** EXERCISE **
Each record should be reproduced exactly.

** RECORD EXCERPTS follows **

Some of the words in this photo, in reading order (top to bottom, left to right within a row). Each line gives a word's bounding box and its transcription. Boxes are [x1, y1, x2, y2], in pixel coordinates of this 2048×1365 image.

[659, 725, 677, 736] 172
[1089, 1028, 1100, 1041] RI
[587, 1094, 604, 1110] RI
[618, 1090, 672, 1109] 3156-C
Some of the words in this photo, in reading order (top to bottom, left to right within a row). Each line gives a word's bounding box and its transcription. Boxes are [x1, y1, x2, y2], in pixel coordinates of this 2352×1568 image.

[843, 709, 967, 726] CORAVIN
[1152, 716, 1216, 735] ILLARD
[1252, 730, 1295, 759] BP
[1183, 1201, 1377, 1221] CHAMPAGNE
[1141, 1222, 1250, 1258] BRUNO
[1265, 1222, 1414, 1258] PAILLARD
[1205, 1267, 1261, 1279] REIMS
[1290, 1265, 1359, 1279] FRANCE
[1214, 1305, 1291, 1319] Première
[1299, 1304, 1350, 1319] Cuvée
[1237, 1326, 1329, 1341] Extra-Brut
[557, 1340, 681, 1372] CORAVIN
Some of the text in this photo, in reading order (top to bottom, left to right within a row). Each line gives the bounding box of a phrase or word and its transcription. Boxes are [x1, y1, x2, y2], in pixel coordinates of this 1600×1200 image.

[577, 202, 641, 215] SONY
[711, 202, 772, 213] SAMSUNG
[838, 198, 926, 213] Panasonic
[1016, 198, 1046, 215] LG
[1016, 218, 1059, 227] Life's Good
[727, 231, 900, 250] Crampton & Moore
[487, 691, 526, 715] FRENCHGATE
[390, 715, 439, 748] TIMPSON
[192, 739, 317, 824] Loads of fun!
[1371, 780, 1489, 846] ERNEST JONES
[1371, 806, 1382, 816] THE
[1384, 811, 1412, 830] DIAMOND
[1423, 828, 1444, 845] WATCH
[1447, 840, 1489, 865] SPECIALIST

** End of RECORD EXCERPTS **

** EXERCISE ANSWER **
Some of the words in this photo, in reading order (top to bottom, left to right within a row). Each line gives a word's bounding box and its transcription. Boxes are [x1, y1, x2, y2], in pixel coordinates of this 2048×1365 image.

[659, 725, 677, 736] 172
[1089, 1028, 1100, 1041] RI
[587, 1094, 604, 1110] RI
[618, 1090, 672, 1109] 3156-C
Some of the words in this photo, in reading order (top to bottom, left to right within a row). Each line gives a word's bounding box and its transcription. Boxes are [x1, y1, x2, y2], in pixel coordinates of this 2352×1568 image.

[843, 709, 967, 726] CORAVIN
[1152, 716, 1216, 735] ILLARD
[1252, 730, 1295, 759] BP
[1183, 1201, 1377, 1221] CHAMPAGNE
[1141, 1222, 1250, 1258] BRUNO
[1265, 1222, 1414, 1258] PAILLARD
[1205, 1267, 1261, 1279] REIMS
[1290, 1265, 1359, 1279] FRANCE
[1214, 1305, 1291, 1319] Première
[1299, 1304, 1350, 1319] Cuvée
[1237, 1326, 1329, 1341] Extra-Brut
[557, 1340, 681, 1372] CORAVIN
Some of the text in this photo, in reading order (top to bottom, left to right within a row). Each line gives the bounding box of a phrase or word and its transcription. Boxes are [x1, y1, x2, y2], in pixel coordinates of this 1600×1200 image.

[577, 202, 641, 215] SONY
[711, 202, 772, 213] SAMSUNG
[838, 198, 926, 213] Panasonic
[1016, 198, 1046, 215] LG
[1016, 218, 1059, 227] Life's Good
[727, 231, 900, 250] Crampton & Moore
[487, 691, 526, 715] FRENCHGATE
[390, 715, 439, 748] TIMPSON
[192, 739, 317, 824] Loads of fun!
[1371, 780, 1489, 846] ERNEST JONES
[1371, 806, 1382, 816] THE
[1384, 811, 1412, 830] DIAMOND
[1423, 828, 1444, 845] WATCH
[1447, 840, 1489, 865] SPECIALIST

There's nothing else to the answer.